If a player was registered as 'long-term injured' his time out could reduce the amount of minutes he was obliged to play proportionate to the length of injury. To unregister a 'long-term' injured player that had been listed as such and make them available again should take a minimum of 14 or perhaps even 21 days in order to combat abuse of the system.

Or would that contravene players' human rights in some way?

Would it have negative/positive contract ramifications? Increase or decrease player/agent power?

Any thoughts?

WeWereZombies added 09:42 - Feb 26
Traditionally the last game of the season has been on a Sunday? It depends on how far back you go, doesn't it? For a large majority of history of football in this country the traditional time for the professional game was three o'clock on a Saturday afternoon with a few midweek matches to allow for fixture congestion. Sunday observance was one of the reasons for that but it also served as a decent cap on the working week after centuries of long hours culture.

However, the lateness of the change this year from Sunday to Saturday is pretty indefensible. If enough people got together they should have a case for a refund of expenses beyond the ticket price, for season ticket holders maybe even a proportionate refund of that.

Tillz9 added 12:55 - Feb 26
Excellent blog - hit the nail in the head !!

Itfccoyb - I do like that idea , About time some if these players in inflated wages actually done what they claim to be so good at !!

tractorboy2434 added 10:50 - Mar 2
As our last fixture is an away game and the tickets are not yet on sale its unlikley that anyone is actually out of pocket, and as for the argument that TV calls the tune, well of course it does, without Sky where would most clubs be, broke.

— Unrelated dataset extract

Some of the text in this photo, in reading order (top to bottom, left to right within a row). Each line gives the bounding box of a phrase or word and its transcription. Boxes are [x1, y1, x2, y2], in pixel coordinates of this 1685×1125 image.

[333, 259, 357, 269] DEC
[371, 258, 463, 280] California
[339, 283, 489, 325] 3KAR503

Nthsuffolkblue added 09:49 - Mar 5
I agree. Terrible to have the match on a Saturday and to rearrange only months before the game. This is a tongue-in-cheek blog isn't it?

MyBlueHeaven added 13:47 - Mar 5
i'm confused - are you having a pop at the re-arrangement of the last game of the season, players earning too much - or the state of football today? all are worthy of discussion but you start out talking about the match moving from saturday to sunday, and then seem to include everything that is wrong in the game (and there's plenty that is wrong!).

would question though your comment that the last game being on a sunday is a 'tradition'. something needs to be around for more than 7 or so years for it to be a tradition.

as for why it's moved from sunday to saturday, my guess would be that Sky have something big on on the Sunday afternoon, so don't want to impact on that (in terms of viewing audiences). or perhaps there's something big on the saturday evening/late afternoon and they want something big to lead in to it with. ie to make 5/6 hours of 'super sport' - something that Sky can hype up. dunno - just my guess as i say.

as per some comments above - nothing's going to change until we turn off our Sky boxes and stop paying the subscriptions. i'm convinced that's the only way we'll see any significant changes in terms of the money floating around English football.

slowerball added 10:12 - Apr 17
Dear MyBlueHeaven - That's why the blog was entitled thus. Sorry if its so confusing.

The big problem about turning off Sky boxes - a sentiment with which I agree - is that they have a monopoly basically and there is no real competition... with the few games shown on BBC the crumb offered so as to 'prove' there are alternatives... It's even more of a stangle hold if you follow cricket, bar the odd highlights package or IPL on ITV4.